Secondo quanto ricostruito dagli inquirenti, i destinatari del fermo sarebbero gli autori materiali del tentato omicidio. La vittima, indicata come nipote dei reggenti del clan Lo Russo-Capitoni, attivo nell’area nord di Napoli, sarebbe stata colpita nel contesto di un’aggressione maturata per un vecchio litigio avvenuto in carcere tra detenuti.
La violenza prima degli spari
Nel corso degli accertamenti, nonostante la reticenza della vittima, gli investigatori hanno ricostruito una sequenza particolarmente violenta. Uno degli aggressori avrebbe inizialmente salutato Lo Russo con un bacio, per poi colpirlo con il calcio di una pistola e con un casco.
La vittima sarebbe stata quindi aggredita con schiaffi e calci, prima di essere raggiunta da più colpi d’arma da fuoco. La dinamica, secondo l’ipotesi accusatoria, sarebbe riconducibile a un’azione eseguita con modalità aggravate dal metodo mafioso, anche per il contesto criminale in cui l’episodio viene collocato dagli investigatori.

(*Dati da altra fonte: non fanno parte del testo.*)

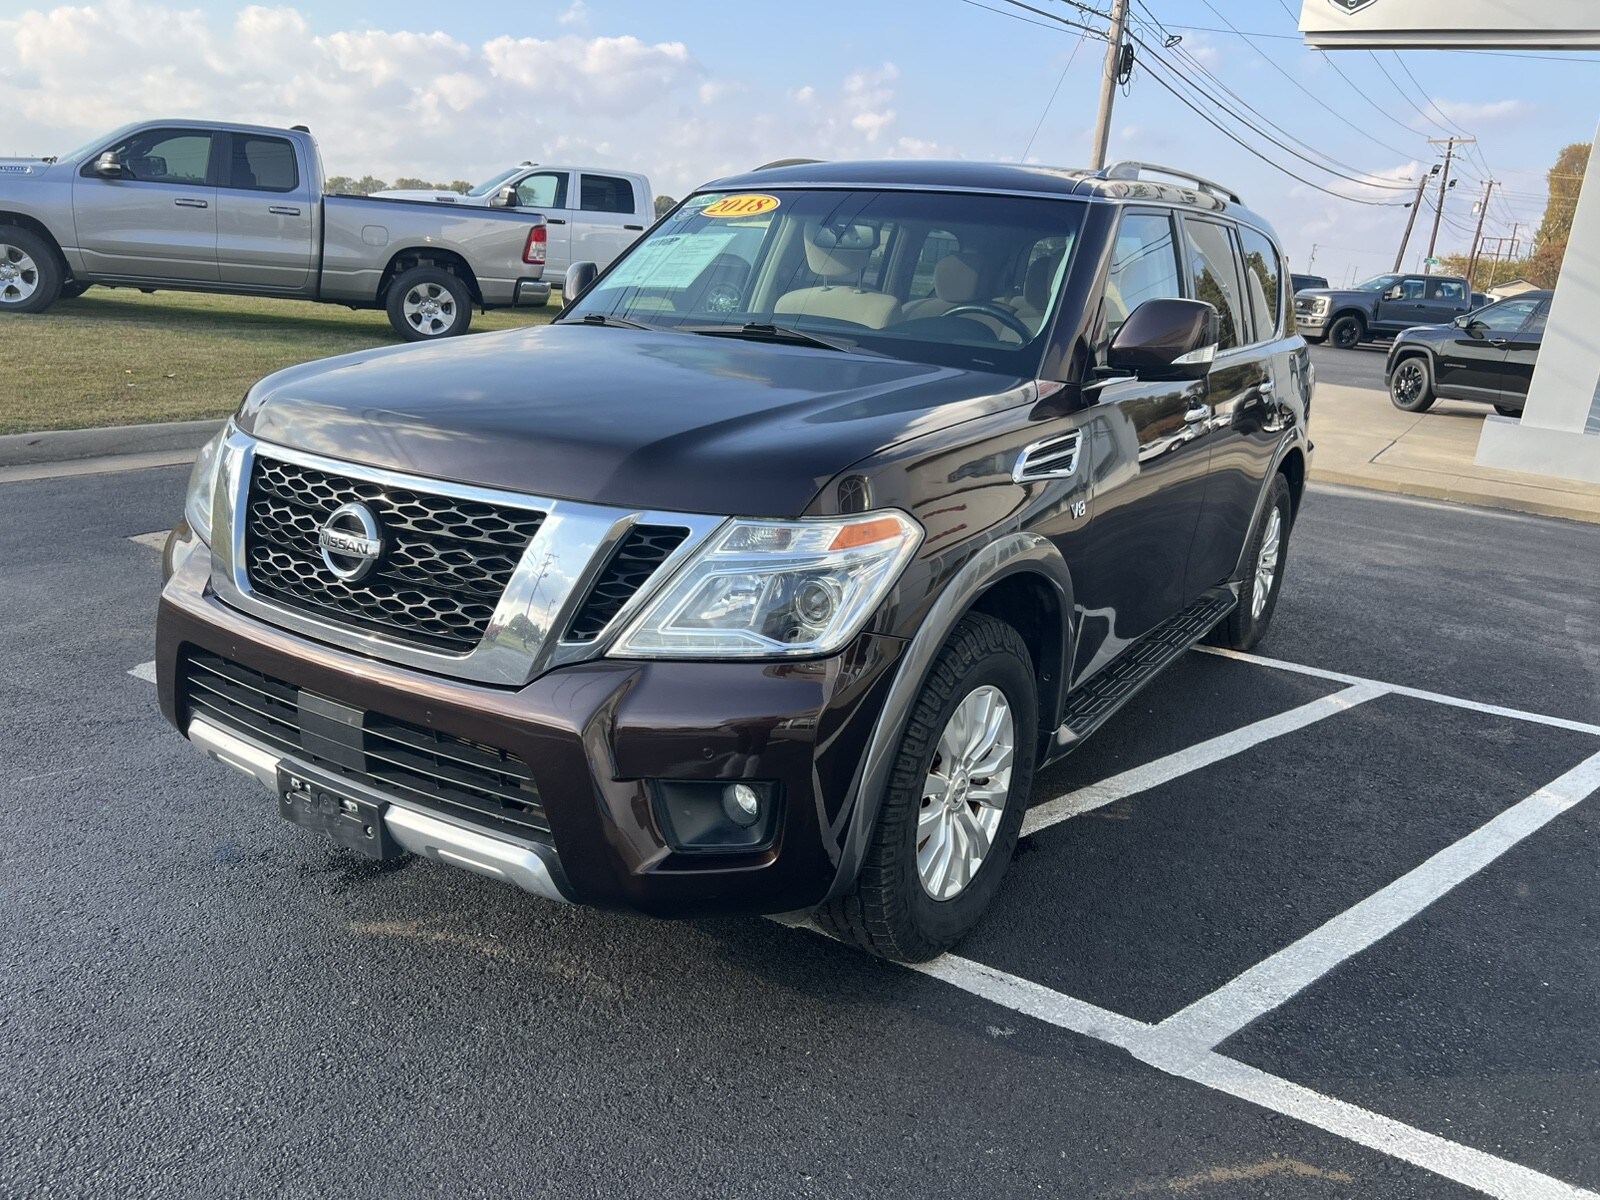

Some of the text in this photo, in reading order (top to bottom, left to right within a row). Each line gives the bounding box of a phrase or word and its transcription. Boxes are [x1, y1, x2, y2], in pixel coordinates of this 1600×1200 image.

[706, 198, 771, 213] 2018
[1070, 500, 1086, 519] V8
[320, 531, 369, 555] NISSAN

Ordinanza cautelare anche per un terzo indagato
Al fermo dei due soggetti è seguita l’emissione di un’ordinanza applicativa di misura cautelare. Il provvedimento riguarda sia i due fermati sia un terzo soggetto ritenuto appartenente al sodalizio, che al momento risulta irreperibile.
Le indagini proseguono per definire ulteriormente ruoli, responsabilità e contesto dell’agguato. I destinatari dei provvedimenti sono persone sottoposte a indagini e devono essere considerati innocenti fino a eventuale sentenza definitiva di condanna.